Some unlicensed companies created circuits that used a voltage spike to shut off the CIC before it can perform the authentication checks.

A few unlicensed games released in Europe and Australia (such as HES games) came in the form of a dongle that would be connected to a licensed cartridge, in order to use that cartridge's CIC lockout chip for authentication. This method also worked on the SNES and was utilized by Super Noah's Ark 3D.

Atari Games's home games subsidiary, Tengen, took a different tactic: the corporation obtained a description of the code in the lockout chip from the United States Copyright Office by claiming that it was required to defend against present infringement claims in a legal case. Tengen then used these documents to design their Rabbit chip, which duplicated the function of the 10NES. Nintendo sued Tengen for these actions. The court found that Tengen did not violate the copyright for copying the portion of code necessary to defeat the protection with current NES consoles, but did violate the copyright for copying portions of the code not being used in the communication between the chip and console. Tengen had copied this code in its entirety because future console releases could have been engineered to pick up the discrepancy. On the initial claim, the court sided with Nintendo on the issue of patent infringement, but noted that Nintendo's patent would likely be deemed obvious as it was basically with the addition of a reset pin, which was at the time already commonplace in the world of electronics. An eight-person jury later found that Atari did infringe. While Nintendo was the winner of the initial trial, before they could actually enforce the ruling they would need to have the patent hold up under scrutiny, as well as address Tengen's antitrust claims. Before this occurred, the sides settled.

A small company called RetroZone, the first company to publish games on the NES in over a decade, uses a multi-region lockout chip for NTSC, PAL A, and PAL B called the Ciclone which was created by reverse engineering Tengen's Rabbit chip. It will allow games to be played in more than one region.
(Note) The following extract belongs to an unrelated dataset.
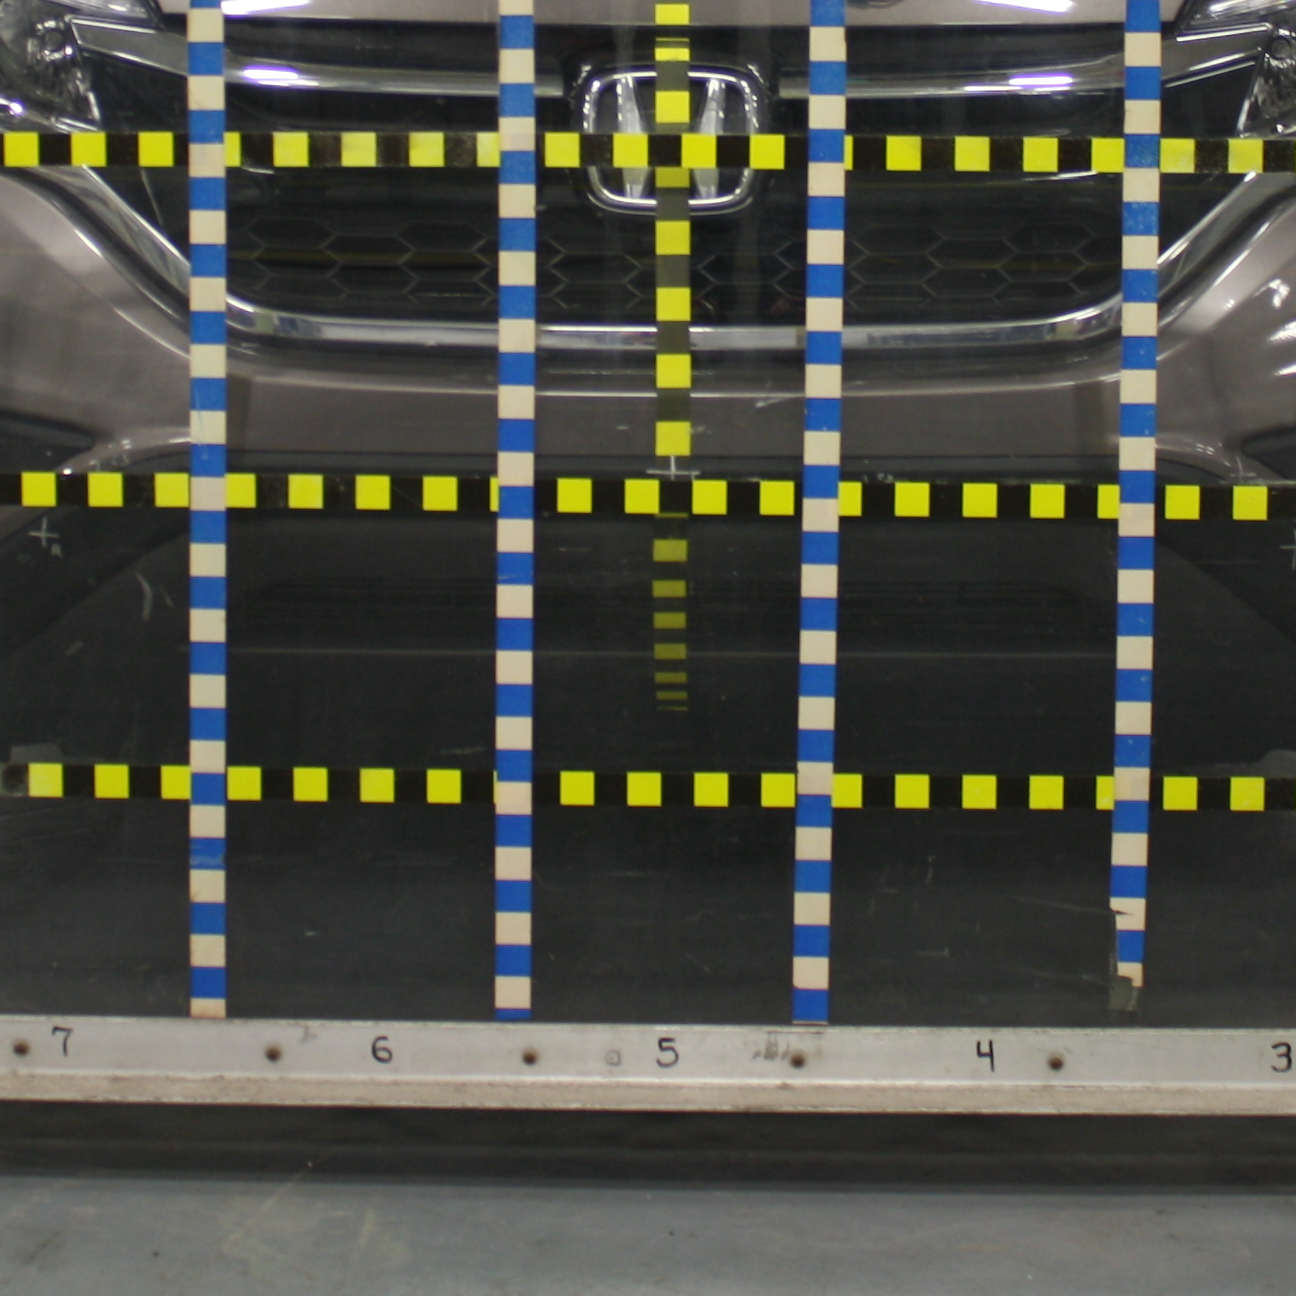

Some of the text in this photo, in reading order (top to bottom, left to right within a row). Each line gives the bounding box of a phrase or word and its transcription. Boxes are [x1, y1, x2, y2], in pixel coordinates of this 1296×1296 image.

It is intended to make the games playable on older hardware that uses the 10NES lockout chip and the two other regions, although the top-loading NES does not use a lockout chip. The Ciclone chip is the first lockout chip to be developed after the patent for the 10NES had expired. Since then, there have been a few other open source implementations to allow the general public to reproduce multi-region CICs on AVR microcontrollers.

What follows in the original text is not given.